En quittant le Grand Palais avec ma moto, j’ai remonté toute l’avenue Churchill, passé le pont Alexandre III, et encore toute l’avenue Gallieni jusqu’aux Invalides, sans une voiture, avec une haie de policiers en grande tenue… Je pense que je suis passé au « travers des mailles du filet », et que tout ce protocole était destiné à Medvedev le président russe.

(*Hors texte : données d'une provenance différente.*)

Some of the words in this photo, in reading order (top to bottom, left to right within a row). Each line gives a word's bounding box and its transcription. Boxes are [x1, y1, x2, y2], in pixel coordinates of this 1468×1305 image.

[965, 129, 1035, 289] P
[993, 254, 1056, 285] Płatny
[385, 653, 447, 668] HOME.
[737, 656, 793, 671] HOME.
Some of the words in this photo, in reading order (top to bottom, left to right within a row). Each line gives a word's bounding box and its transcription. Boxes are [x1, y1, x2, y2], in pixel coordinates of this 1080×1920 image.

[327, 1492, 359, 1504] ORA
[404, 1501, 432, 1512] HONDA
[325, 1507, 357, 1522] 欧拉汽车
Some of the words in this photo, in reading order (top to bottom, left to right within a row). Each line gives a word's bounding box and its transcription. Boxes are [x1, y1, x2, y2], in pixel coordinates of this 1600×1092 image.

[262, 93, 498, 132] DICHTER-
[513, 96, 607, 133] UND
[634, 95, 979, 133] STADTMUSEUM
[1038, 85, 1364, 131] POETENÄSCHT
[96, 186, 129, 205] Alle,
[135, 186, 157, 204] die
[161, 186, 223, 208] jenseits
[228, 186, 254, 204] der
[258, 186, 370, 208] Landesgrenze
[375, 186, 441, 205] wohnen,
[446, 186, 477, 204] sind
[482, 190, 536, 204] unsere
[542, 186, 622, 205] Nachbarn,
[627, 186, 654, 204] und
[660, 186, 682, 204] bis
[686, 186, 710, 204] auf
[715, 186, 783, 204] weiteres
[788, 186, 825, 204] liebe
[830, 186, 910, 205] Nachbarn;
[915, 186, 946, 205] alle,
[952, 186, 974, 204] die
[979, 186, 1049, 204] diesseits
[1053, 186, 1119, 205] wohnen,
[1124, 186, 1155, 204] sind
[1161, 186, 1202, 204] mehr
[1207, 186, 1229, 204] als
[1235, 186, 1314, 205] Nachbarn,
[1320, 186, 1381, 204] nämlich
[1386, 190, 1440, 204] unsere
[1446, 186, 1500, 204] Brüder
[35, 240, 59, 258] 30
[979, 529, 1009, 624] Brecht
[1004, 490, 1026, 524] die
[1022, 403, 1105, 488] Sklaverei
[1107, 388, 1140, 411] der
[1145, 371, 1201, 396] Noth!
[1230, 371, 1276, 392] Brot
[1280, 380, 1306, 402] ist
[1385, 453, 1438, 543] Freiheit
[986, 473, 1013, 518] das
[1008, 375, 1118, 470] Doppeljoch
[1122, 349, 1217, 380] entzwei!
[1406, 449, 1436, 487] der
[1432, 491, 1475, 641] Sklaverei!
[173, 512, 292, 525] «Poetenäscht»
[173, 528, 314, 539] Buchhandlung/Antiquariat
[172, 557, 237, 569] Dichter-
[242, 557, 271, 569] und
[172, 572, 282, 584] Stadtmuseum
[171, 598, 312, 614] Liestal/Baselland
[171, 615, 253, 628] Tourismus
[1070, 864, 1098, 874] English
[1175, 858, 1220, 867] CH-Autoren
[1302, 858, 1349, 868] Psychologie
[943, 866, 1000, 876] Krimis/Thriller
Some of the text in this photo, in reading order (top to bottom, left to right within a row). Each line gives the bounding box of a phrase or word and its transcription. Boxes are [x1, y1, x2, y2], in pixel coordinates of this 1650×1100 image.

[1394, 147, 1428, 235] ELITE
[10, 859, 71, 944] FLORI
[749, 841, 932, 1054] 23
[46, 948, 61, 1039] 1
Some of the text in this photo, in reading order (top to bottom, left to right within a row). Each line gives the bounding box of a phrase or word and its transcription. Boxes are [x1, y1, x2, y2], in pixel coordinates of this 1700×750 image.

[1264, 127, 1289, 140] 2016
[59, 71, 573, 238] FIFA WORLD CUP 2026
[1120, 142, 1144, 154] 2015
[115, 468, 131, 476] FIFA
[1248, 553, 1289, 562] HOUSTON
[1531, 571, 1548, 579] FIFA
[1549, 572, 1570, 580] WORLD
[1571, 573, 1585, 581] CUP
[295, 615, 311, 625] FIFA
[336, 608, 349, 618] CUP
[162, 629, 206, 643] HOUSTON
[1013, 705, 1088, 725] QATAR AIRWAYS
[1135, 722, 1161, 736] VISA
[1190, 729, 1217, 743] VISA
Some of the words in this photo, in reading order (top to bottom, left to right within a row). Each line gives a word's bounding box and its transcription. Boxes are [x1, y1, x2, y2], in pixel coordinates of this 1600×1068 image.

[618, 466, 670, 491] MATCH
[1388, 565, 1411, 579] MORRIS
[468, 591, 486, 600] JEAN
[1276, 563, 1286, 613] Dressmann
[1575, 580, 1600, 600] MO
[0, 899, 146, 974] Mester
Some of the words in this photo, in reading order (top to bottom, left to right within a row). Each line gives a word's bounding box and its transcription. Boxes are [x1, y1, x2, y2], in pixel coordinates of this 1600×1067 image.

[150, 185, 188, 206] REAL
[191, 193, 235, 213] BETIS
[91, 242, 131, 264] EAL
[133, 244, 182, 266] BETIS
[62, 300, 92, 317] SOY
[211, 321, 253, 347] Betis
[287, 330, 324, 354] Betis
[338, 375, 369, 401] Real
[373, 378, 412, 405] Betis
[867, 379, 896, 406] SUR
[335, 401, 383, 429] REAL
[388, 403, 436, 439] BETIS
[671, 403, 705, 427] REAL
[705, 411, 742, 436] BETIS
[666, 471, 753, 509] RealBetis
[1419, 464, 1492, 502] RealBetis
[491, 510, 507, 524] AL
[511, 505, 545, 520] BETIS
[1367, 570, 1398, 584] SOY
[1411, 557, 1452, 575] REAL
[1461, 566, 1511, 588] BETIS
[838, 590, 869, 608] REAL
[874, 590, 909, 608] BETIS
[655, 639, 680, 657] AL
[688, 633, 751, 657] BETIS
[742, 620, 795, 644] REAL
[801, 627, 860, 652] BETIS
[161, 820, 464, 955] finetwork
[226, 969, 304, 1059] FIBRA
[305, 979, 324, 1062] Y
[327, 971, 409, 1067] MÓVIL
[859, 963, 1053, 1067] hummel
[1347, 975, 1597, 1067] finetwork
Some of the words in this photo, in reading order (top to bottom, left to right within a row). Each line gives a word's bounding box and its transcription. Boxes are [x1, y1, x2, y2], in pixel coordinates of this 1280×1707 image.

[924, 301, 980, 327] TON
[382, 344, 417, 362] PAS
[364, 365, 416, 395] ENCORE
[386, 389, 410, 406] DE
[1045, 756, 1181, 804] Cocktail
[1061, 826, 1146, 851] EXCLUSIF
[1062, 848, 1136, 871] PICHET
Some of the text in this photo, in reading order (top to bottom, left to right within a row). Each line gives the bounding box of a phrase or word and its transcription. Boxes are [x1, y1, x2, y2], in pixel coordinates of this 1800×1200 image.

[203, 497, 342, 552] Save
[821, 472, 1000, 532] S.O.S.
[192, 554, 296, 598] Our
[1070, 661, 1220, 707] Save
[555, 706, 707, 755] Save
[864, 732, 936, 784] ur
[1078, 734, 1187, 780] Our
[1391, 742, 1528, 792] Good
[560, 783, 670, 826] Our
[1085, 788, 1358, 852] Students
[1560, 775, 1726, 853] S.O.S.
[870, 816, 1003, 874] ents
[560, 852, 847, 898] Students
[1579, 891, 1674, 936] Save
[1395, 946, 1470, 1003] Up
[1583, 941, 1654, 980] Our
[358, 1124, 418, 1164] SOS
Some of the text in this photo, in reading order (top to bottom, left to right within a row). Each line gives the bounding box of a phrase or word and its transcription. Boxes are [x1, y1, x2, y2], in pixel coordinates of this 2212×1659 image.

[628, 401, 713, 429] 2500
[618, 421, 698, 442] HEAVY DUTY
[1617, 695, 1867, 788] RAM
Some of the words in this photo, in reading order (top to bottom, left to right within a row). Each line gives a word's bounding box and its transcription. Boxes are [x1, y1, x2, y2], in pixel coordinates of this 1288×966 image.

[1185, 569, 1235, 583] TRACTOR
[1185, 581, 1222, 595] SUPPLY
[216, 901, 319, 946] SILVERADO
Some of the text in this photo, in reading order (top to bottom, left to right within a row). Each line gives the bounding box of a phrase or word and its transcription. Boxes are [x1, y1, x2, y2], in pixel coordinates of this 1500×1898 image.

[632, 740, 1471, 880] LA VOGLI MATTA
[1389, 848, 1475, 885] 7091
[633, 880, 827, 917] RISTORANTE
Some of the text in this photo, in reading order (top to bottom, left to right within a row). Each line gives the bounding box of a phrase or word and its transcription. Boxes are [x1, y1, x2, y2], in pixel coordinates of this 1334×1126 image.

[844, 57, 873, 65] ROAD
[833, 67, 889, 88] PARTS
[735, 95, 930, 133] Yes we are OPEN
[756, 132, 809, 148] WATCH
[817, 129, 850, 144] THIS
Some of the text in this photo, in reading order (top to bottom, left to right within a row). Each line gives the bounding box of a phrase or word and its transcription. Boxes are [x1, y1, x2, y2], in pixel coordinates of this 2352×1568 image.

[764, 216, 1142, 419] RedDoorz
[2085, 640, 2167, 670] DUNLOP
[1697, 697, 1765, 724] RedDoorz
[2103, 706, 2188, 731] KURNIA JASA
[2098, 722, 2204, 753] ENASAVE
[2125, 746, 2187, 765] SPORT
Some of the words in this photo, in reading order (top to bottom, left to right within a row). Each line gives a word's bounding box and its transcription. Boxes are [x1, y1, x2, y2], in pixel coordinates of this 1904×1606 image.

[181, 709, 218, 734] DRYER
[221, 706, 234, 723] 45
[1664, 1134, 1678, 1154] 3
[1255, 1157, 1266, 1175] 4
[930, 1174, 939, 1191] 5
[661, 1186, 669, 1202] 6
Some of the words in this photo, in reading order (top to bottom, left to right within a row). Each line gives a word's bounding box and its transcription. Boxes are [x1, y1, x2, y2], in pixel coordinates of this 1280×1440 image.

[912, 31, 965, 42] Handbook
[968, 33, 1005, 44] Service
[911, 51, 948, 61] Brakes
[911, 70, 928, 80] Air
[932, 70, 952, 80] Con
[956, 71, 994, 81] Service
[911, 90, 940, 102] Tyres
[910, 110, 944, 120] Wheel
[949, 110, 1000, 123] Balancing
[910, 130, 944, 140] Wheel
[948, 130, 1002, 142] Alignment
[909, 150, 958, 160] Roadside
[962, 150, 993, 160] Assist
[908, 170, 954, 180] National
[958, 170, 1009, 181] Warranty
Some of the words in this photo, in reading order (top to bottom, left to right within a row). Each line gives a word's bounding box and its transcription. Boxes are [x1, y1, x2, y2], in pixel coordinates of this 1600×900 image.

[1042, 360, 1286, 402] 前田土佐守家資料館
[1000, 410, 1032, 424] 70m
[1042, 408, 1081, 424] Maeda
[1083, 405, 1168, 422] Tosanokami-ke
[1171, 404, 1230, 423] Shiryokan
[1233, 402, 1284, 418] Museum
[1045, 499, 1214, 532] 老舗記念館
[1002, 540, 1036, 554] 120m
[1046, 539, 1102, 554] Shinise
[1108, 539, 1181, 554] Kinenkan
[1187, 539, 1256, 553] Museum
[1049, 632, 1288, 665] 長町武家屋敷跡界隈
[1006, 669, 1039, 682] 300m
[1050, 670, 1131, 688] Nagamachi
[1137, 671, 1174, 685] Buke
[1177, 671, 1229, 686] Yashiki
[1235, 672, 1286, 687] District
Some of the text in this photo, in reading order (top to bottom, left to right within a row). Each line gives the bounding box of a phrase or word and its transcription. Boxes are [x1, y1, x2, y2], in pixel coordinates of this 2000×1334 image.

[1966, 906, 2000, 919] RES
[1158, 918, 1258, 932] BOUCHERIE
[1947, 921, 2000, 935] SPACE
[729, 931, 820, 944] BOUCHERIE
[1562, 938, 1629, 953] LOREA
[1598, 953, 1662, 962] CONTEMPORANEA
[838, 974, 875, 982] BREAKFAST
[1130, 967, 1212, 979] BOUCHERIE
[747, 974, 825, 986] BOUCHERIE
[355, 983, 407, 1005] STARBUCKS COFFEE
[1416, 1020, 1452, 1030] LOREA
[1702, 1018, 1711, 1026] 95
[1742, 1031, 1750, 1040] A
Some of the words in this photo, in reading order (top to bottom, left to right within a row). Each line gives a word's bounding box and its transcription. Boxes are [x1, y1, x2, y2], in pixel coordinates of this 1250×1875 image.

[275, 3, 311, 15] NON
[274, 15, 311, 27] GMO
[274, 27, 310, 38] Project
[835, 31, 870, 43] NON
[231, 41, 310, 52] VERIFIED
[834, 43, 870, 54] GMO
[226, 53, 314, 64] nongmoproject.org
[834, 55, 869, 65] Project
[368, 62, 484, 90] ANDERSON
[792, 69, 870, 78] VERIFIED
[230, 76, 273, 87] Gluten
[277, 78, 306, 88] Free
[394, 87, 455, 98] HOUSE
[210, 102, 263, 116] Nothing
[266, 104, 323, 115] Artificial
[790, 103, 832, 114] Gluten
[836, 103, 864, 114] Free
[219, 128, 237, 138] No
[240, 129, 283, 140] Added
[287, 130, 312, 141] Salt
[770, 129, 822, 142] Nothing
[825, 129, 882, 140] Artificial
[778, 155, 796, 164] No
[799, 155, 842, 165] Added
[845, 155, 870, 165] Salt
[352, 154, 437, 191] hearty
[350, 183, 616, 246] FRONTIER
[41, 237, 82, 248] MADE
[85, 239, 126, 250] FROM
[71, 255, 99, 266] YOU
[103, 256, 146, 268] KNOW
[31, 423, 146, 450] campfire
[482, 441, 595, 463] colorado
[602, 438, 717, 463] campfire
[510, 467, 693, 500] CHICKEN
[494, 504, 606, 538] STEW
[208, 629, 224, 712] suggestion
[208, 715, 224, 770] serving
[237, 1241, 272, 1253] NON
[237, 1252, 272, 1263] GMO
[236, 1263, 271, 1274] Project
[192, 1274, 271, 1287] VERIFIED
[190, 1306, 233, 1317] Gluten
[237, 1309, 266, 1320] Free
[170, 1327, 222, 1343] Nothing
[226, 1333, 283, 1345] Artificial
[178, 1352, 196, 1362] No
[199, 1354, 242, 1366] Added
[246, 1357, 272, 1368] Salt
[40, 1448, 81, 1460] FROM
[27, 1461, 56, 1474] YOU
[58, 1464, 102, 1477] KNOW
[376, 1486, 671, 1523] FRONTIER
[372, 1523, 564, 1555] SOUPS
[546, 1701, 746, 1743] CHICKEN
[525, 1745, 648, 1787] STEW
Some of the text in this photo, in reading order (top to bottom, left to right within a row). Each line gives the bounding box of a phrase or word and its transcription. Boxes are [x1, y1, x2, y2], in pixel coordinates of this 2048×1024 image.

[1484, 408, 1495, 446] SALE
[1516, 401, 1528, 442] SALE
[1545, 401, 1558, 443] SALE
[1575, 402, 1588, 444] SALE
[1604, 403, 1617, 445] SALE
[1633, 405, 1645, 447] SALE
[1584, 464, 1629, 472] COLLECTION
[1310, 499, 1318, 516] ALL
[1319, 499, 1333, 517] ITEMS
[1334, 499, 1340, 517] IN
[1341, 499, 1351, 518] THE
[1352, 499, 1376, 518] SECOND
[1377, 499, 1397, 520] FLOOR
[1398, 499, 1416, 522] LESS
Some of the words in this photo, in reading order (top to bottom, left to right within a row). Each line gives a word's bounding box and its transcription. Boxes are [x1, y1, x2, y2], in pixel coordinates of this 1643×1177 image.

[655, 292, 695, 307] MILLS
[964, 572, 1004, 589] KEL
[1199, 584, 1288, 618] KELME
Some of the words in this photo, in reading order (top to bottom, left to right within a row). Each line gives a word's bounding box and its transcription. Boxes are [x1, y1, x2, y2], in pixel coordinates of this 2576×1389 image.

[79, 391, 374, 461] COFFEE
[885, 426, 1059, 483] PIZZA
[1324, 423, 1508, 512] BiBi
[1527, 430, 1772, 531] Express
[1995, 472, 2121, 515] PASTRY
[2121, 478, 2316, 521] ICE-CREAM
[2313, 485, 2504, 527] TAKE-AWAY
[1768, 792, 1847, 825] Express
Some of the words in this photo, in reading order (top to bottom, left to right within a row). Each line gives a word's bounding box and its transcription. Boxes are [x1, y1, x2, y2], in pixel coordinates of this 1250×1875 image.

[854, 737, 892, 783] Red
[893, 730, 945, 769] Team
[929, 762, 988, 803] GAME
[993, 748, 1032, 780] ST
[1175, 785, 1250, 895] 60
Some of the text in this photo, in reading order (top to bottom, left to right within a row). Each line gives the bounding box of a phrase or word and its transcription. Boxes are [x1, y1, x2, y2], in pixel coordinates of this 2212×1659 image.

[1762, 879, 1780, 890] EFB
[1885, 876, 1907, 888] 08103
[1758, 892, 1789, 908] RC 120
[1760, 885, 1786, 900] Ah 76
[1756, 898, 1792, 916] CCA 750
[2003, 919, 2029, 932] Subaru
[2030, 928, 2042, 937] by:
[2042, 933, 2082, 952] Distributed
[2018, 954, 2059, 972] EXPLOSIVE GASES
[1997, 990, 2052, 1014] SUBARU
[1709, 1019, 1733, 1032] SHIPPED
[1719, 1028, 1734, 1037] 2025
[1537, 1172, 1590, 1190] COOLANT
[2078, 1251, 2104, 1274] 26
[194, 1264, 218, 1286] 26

Arrivé devant les Invalides, m’attendaient trois énormes hélicoptères, là je me suis dit que vraiment ma place n’était pas ici, et j’ai obliqué à droite où une gendarmette m’a ouvert une barrière de sécurité avec un large sourire… et je me suis soudain trouvé au milieu d’un flot de voitures bloquées, avec des conducteurs énervées… pour un peu je faisais un tour d’hélico gratis avec Medvedev et Sarkozy… quelle compagnie !!!
Par contraste, deux jours plus tard je suis allé voir l’expo Soulages qui se tient (se tenait ?) à Beaubourg. Avec sa théorie du « noir lumineux », je pense que là encore cet acharnement à faire des théories sur n’importe quoi (je pense à « l’oblique » de Claude Parent), c’est affligeant, surtout quand ça occupe 20 ans de sa production « artistique »… Ici tout n’est qu’artifice et effet d’optique, par des lumières dirigées, des zébrures adaptées, des contrastes de mat et de brillant… On est à des années « lumières » des peintures sombres et inspirées de Rembrandt, Huyssdael ou Turner. Non voir Soulages après Turner, ça prête à sourire, ce qu’on a pas manqué de faire en traversant le 5ème étage de Beaubourg comme on traverserait un espace d’exposition de mobilier Conforama tapissé de vinyl noir. Mais que ce bâtiment de Beaubourg est élégant et judicieux. La promenade architecturale chère à Le Corbusier est ici dans cet escalator flanqué sur sa façade, nous permettant tout à la fois de vivre le bâtiment et de comprendre la ville qui l’entoure en nous offrant progressivement un des plus beaux panoramas sur Paris.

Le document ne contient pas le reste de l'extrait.